Bu kişilerin bir gün gelip ülkelerindeki muhafazakâr ve milliyetçi hareketi temsil edeceklerine inanmak imkânsızdı. Ama buna bir kişi inandı; hem de ta okyanusun öte tarafından: Steve Bannon.
Trump’ın bir gün başkan olacağına inanan ilk kişi olan, onu ciddi bir kampanya sürdürmeye, “çıkıntı” davalar yerine tutarlı bir popülizm (halk dalkavukluğu) yapmaya ikna eden Bannon. Trump’ın ilk altı ayı içinde çıkarttığı bütün “ırkçı” kararnameleri (örneğin Müslüman ülke yurttaşlarına ABD’yi giriş yasağı ilan eden, ama mahkemelerin geçersiz kıldığı emri) kaleme alan Bannon. Adam o kadar ırkçı idi ki Trump gibi birisi bile onu daha fazla Beyaz Saray’da tutamadı. Bu “dostane boşanma” ertesi, Steve Bannon, Avrupa’ya koştu ve nerede kendi ayarında beyaz ırkın üstünlüğüne inanan, faşist özentisi, Nazi hayranı varsa hepsiyle görüştüğü bir yıldırım tur yaptı.

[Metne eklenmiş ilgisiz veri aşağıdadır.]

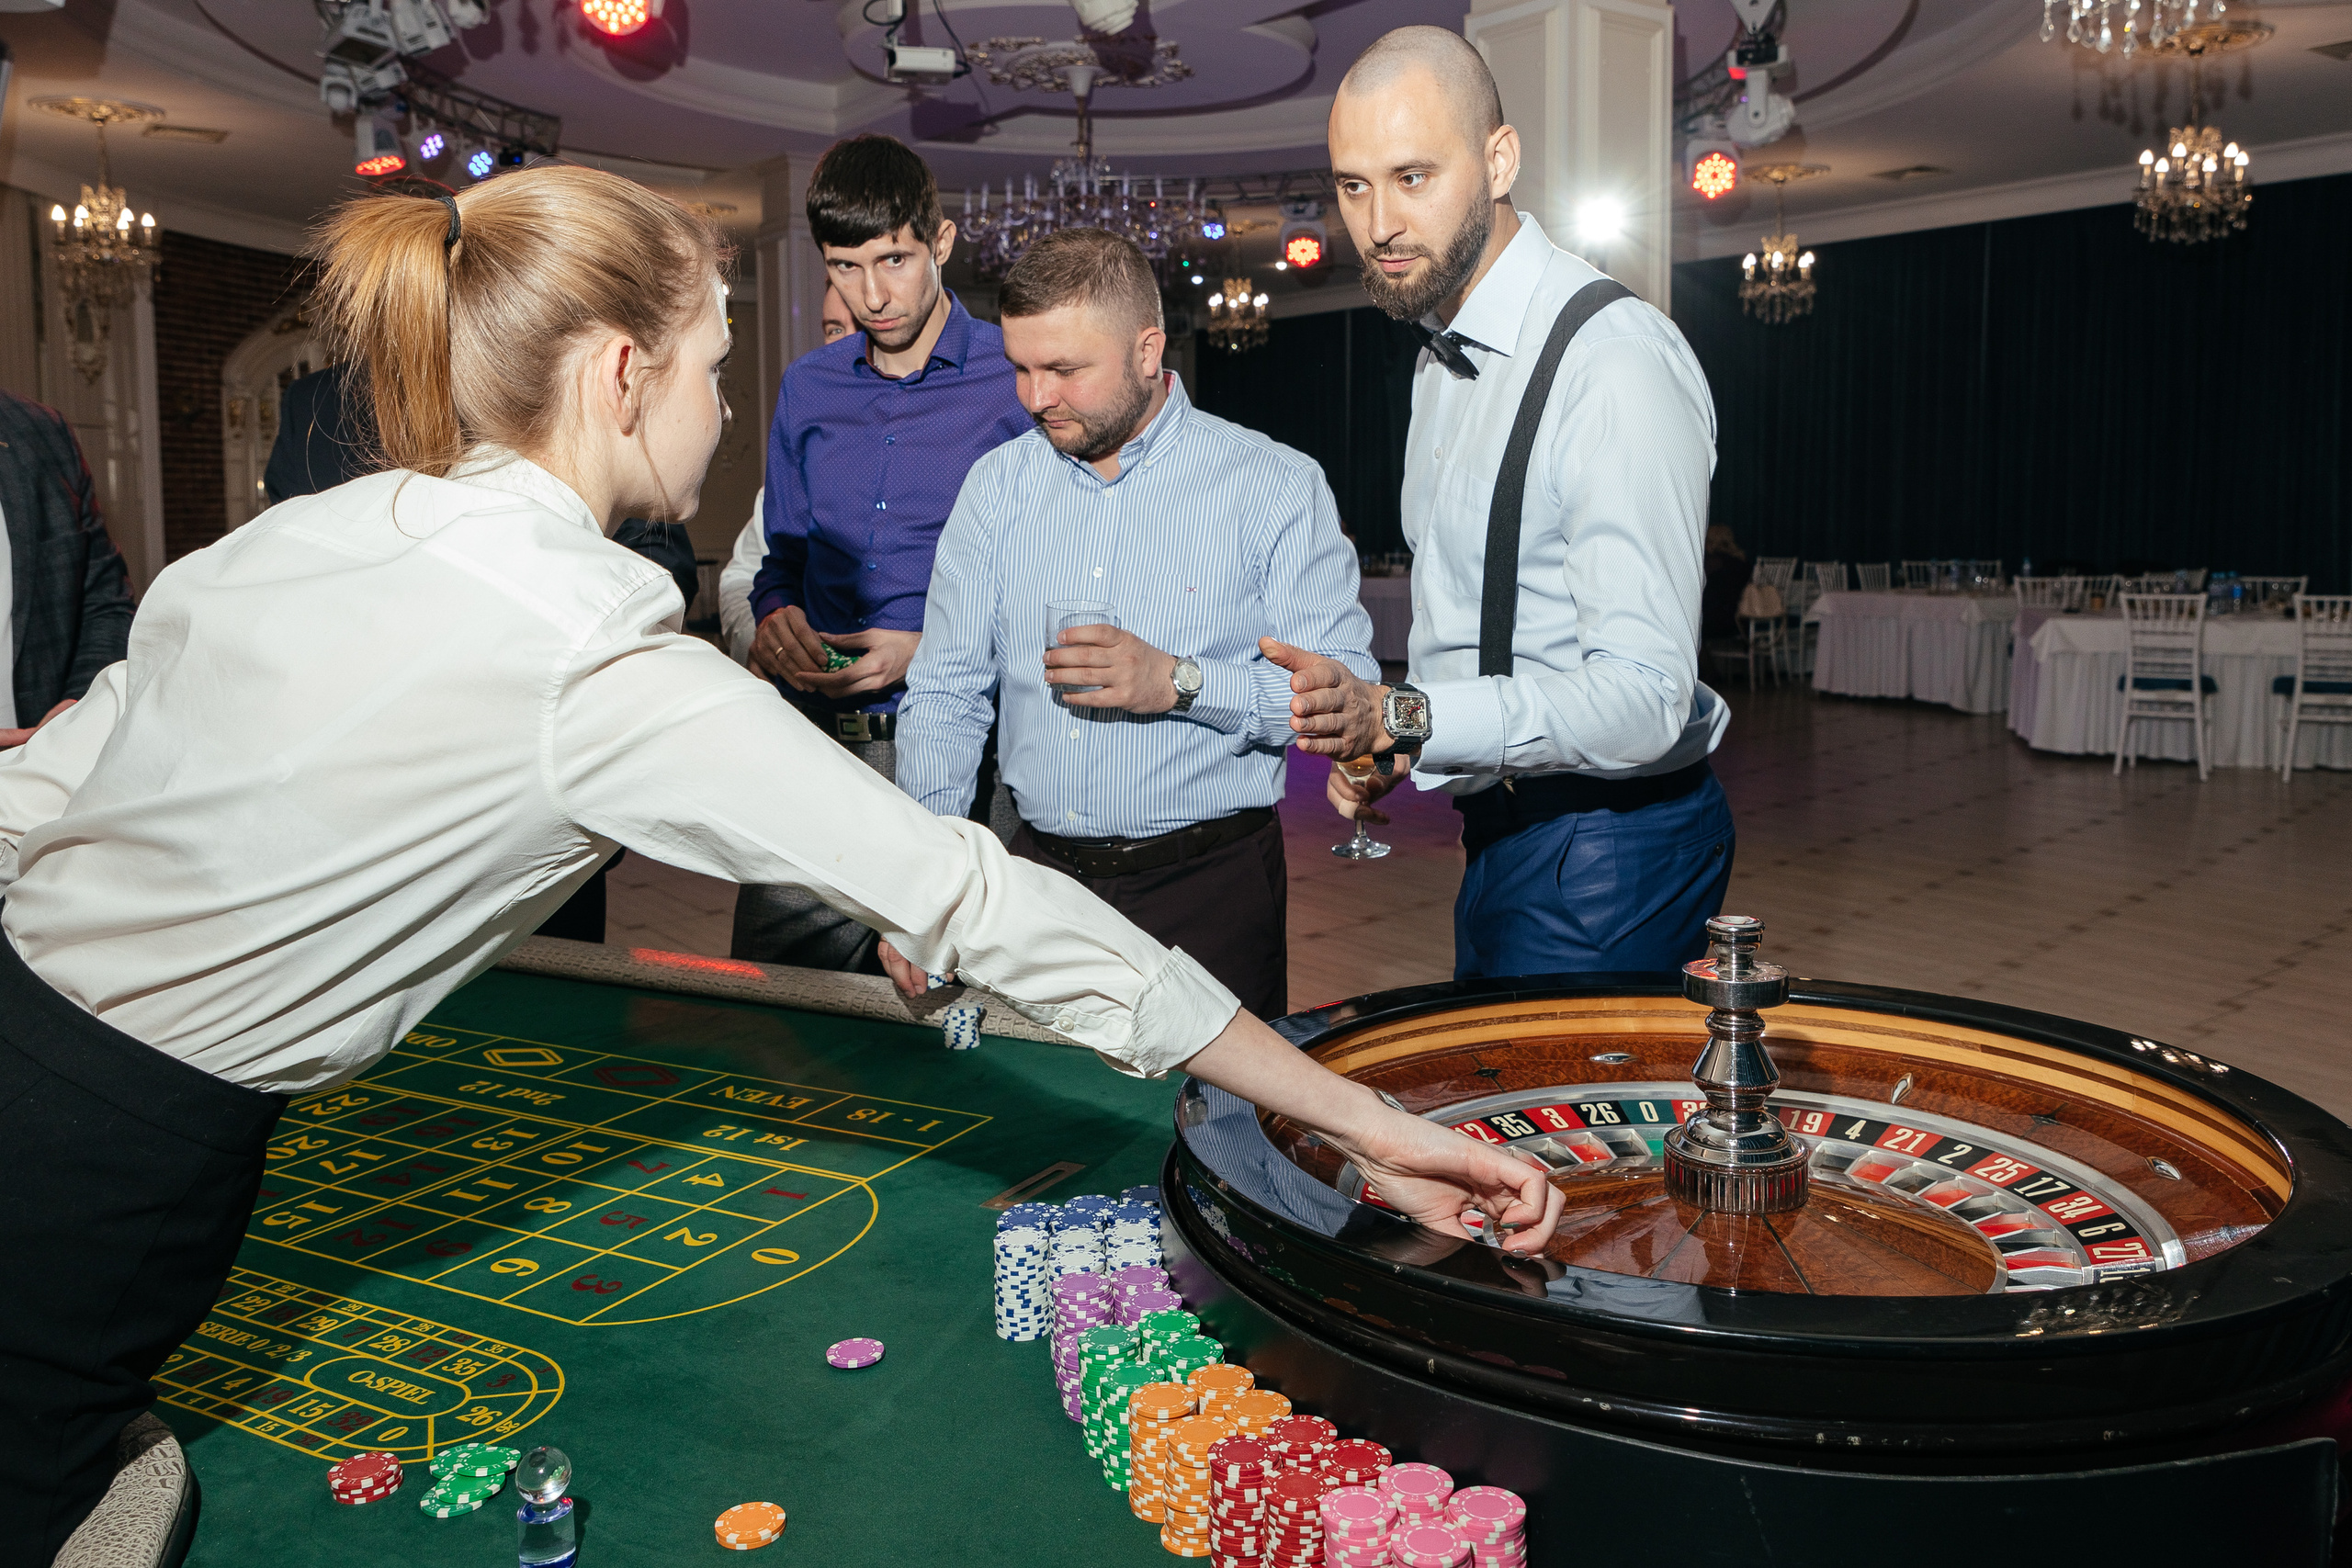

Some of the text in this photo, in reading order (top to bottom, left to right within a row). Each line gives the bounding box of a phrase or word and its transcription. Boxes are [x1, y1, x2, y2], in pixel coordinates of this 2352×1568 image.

Alman Meuthen, bırakın Musevi Soykırımını inkâr etmeyi, tersine, anma günleri düzenliyor. Salvini, kendisinden “Genç Mussolini” diye söz edenleri mahkemeye veriyor. Finlandiya ve Danimarka’da da aşırı sağ, yabancı işçi ve göçmen düşmanı suratlarına yeni bir maske taktılar; ılımlı muhafazakârlara ve ana akım milliyetçilere koalisyon çağrıları yapıyorlar.

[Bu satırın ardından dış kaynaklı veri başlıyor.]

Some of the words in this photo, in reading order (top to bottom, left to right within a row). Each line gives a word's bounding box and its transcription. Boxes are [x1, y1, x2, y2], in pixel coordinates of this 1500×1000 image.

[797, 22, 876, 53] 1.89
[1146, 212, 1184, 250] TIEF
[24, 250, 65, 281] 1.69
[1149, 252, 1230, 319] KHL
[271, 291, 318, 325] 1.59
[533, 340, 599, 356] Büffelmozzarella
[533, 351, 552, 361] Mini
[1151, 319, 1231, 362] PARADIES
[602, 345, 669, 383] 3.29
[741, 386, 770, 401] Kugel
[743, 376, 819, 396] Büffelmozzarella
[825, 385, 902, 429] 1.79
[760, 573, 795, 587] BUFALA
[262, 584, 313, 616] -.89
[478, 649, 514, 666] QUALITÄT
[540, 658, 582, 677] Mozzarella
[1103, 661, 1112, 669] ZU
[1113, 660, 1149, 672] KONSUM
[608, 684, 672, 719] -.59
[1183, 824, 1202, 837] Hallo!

Ama değişmeyen bir şey var: Avrupa’nın Türkiye’ye karşı dışlayıcı duvarlarını indirmemek, Türkiye düşmanlığında birleşmek. Bu dört partinin Milano’da geçenlerde yaptıkları ortak toplantıdan sonra yaptıkları açıklamada “Türkiye ile tam üyelik görüşmelerinin durdurulması” yer aldı.

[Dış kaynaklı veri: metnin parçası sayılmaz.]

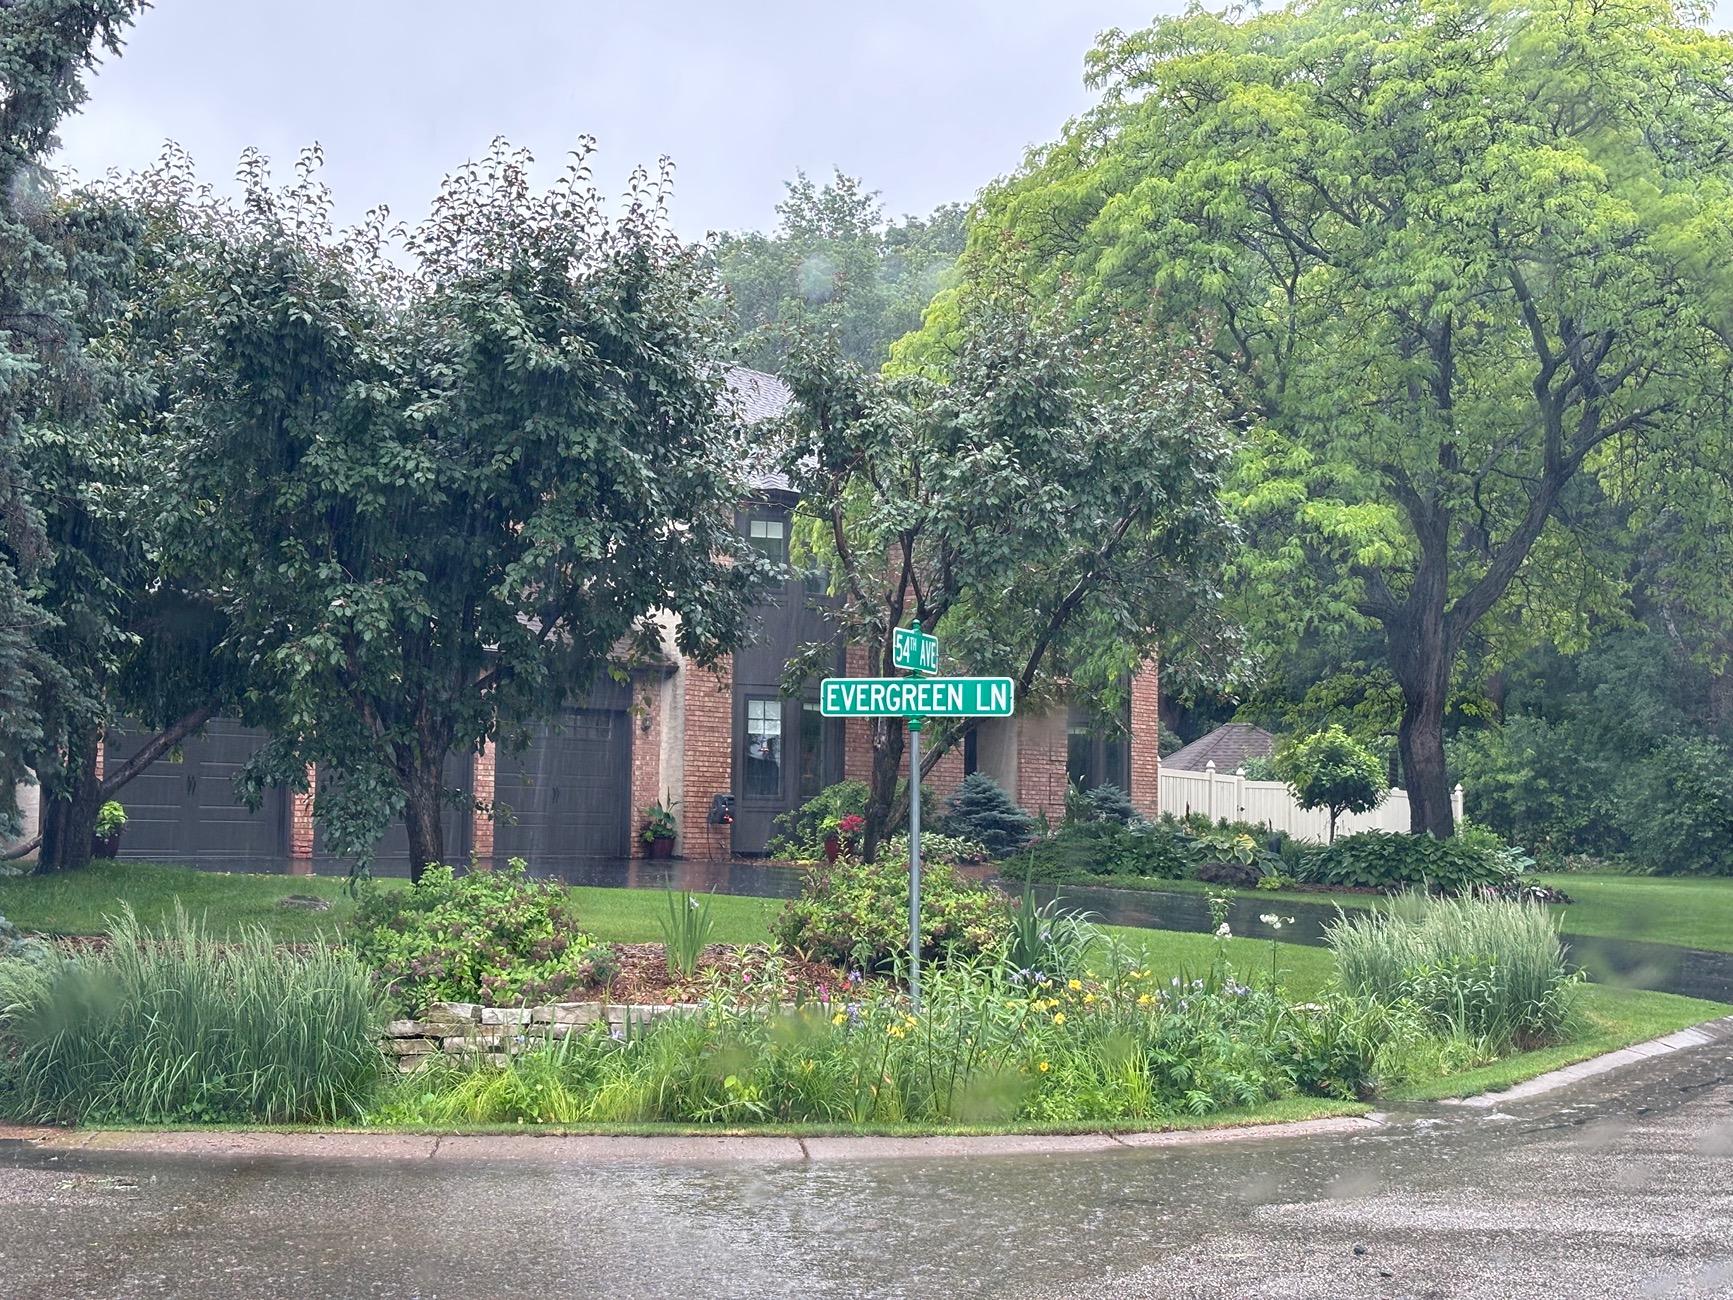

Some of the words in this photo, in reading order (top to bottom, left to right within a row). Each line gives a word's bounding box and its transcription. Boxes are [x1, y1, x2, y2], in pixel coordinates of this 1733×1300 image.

[896, 634, 917, 663] 54TH
[920, 640, 936, 669] AVE
[826, 683, 963, 711] EVERGREEN
[976, 683, 1007, 711] LN

Şimdi bu kişilerin statüsü, sadakatleri ve izledikleri siyasetin Bannon tarafından onaylanmasına bağlı olarak, ABD nezdinde derece derece artacak ve bir noktada onların seçim zaferini sağlamak ABD’nin dış siyaset stratejilerinin arasına girecek. Tıpkı İsrail’de olduğu gibi. Sol-sağ, koyu dinci, laik, seçime katılan 39 partiden 38’i seçim kampanyasına ve salı günü de seçimlere gösterilen ilgisizlik nedeniyle adeta yok oluşun eşiğine geldiklerini söyledikleri İsrail’de Netanyahu ve Likud Partisi ABD’den tam seçim haftası büyük bir armağan aldı. Trump Suriye’ye ait işgal altındaki Golan’ın İsrail toprağı olarak tanıyacağını açıkladı. Netanyahu’nun seçimi kazanırsa işgal altındaki Batı Şeria’da kurulmuş olan Musevi yerleşim yerlerinin tümüyle İsrail’e ilhak edileceği sözlerine tüm dünyadan itiraz yükseldiği halde, ABD ağzını açmadı.
ABD, Avrupa’yı Netanyahu benzeri liderlerle donatmak istiyor. Bu arada şimdi ilk iş olarak, Netanyahu’yu yeni bir koalisyonun başında tutmak gerekiyor.